What is The National Childhood Vaccine Injury Act of 1986? The VICP is a Federal “no-fault” system designed to compensate individuals or families of individuals, who have been injured by covered childhood vaccines, whether administered in the private or public sector. The U.S. Court of Federal Claims decides who will be paid.
The National Vaccine Injury Compensation Program (VICP) was established to ensure an adequate supply of vaccines, stabilize vaccine costs, and establish and maintain an accessible and efficient forum for individuals found to be injured by certain vaccines. The VICP is a no-fault alternative to the traditional tort system for resolving vaccine injury claims that provides compensation to people found to be injured by certain vaccines. The U. S. Court of Federal Claims decides who will be paid. Three Federal government offices have a role in the VICP:
- the U.S. Department of Health and Human Services (HHS);
- the U.S. Department of Justice (DOJ); and
- the U.S. Court of Federal Claims (the Court).

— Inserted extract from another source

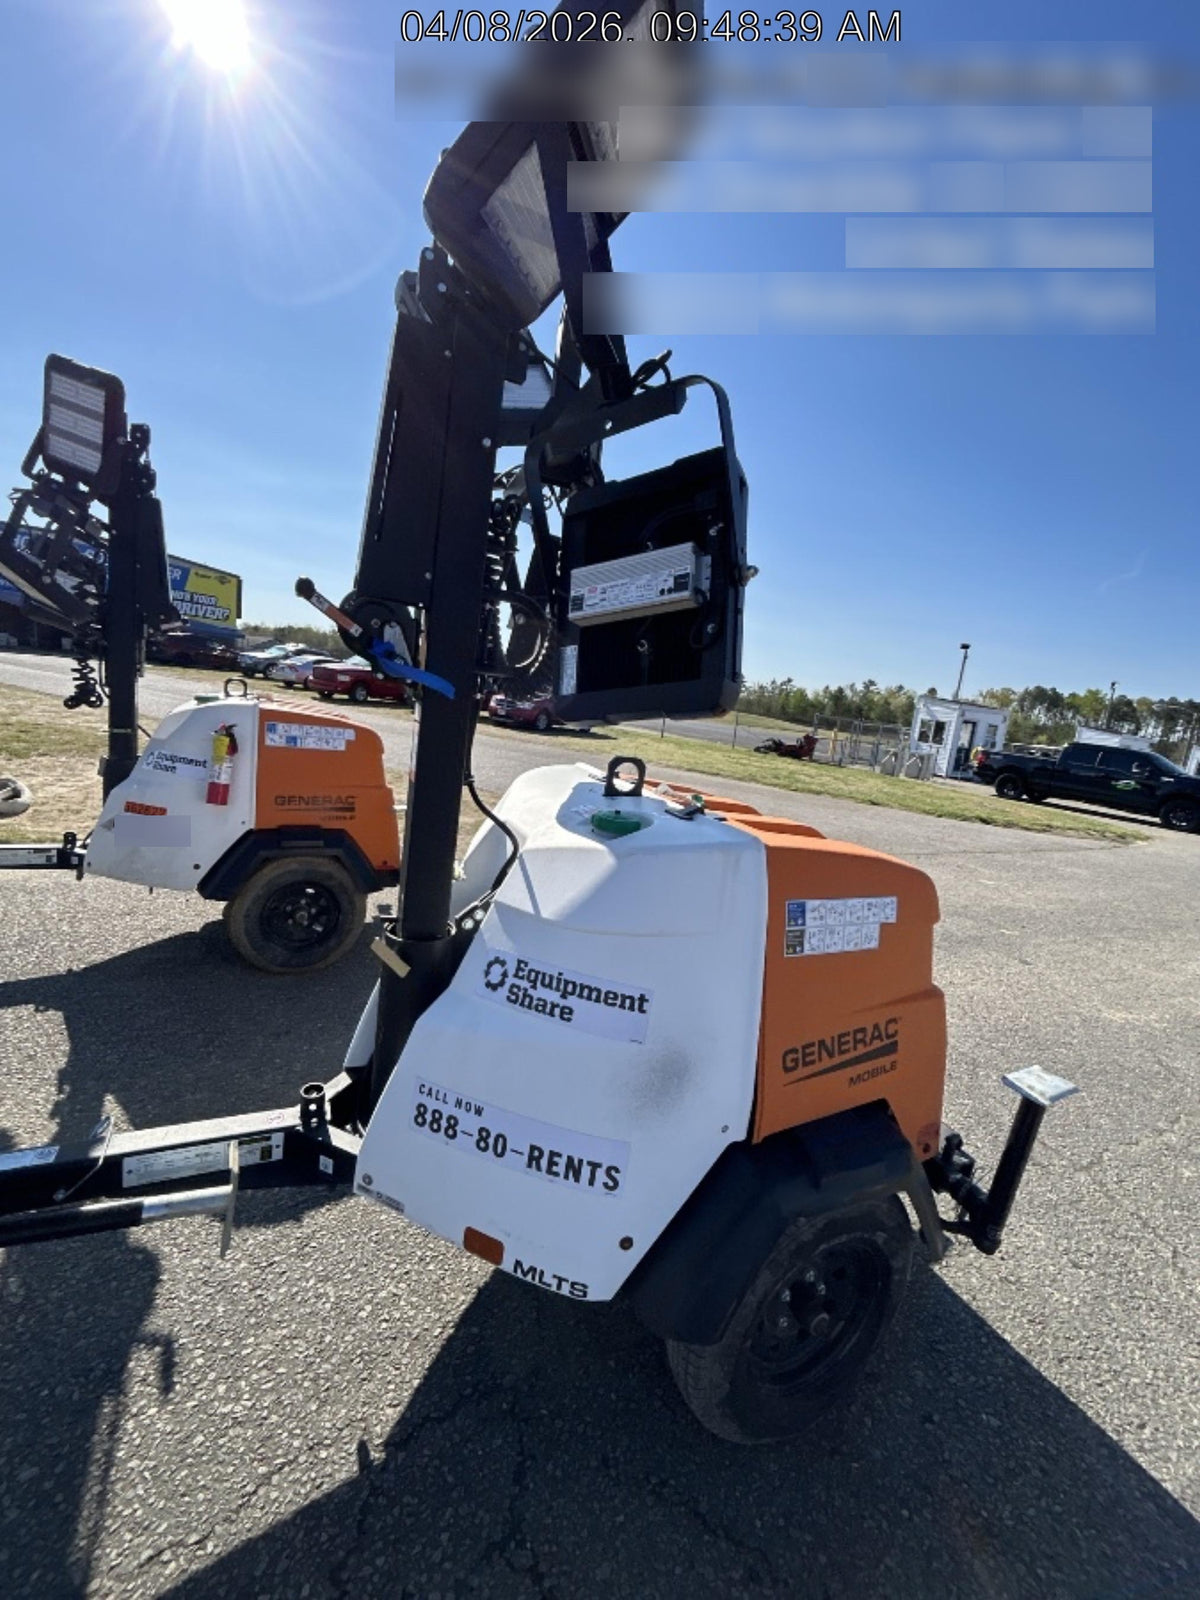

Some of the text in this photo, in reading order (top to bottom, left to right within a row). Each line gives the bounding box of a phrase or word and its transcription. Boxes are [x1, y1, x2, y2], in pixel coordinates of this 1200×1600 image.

How does the National Vaccine Injury Compensation Program (VICP) work? The VICP is administered by the Department of Health and Human Services (HHS), the Department of Justice (DOJ), and the U.S. Court of Federal Claims (Court). However, the Court makes the final decision as to whether claims are compensated and the amount of the award.
How does the claim process begin? To begin, a claim must be filed by or on the behalf of the individual thought to be injured by a vaccine covered by the VICP. A claim is started by filing a legal document called a petition that is prepared by you or your lawyer to request compensation under the VICP. Anyone who files a claim is called a petitioner. The only form required is the Court’s cover sheet for the claim. You may obtain a copy of the cover sheet and a sample claim by calling (202) 357-6400.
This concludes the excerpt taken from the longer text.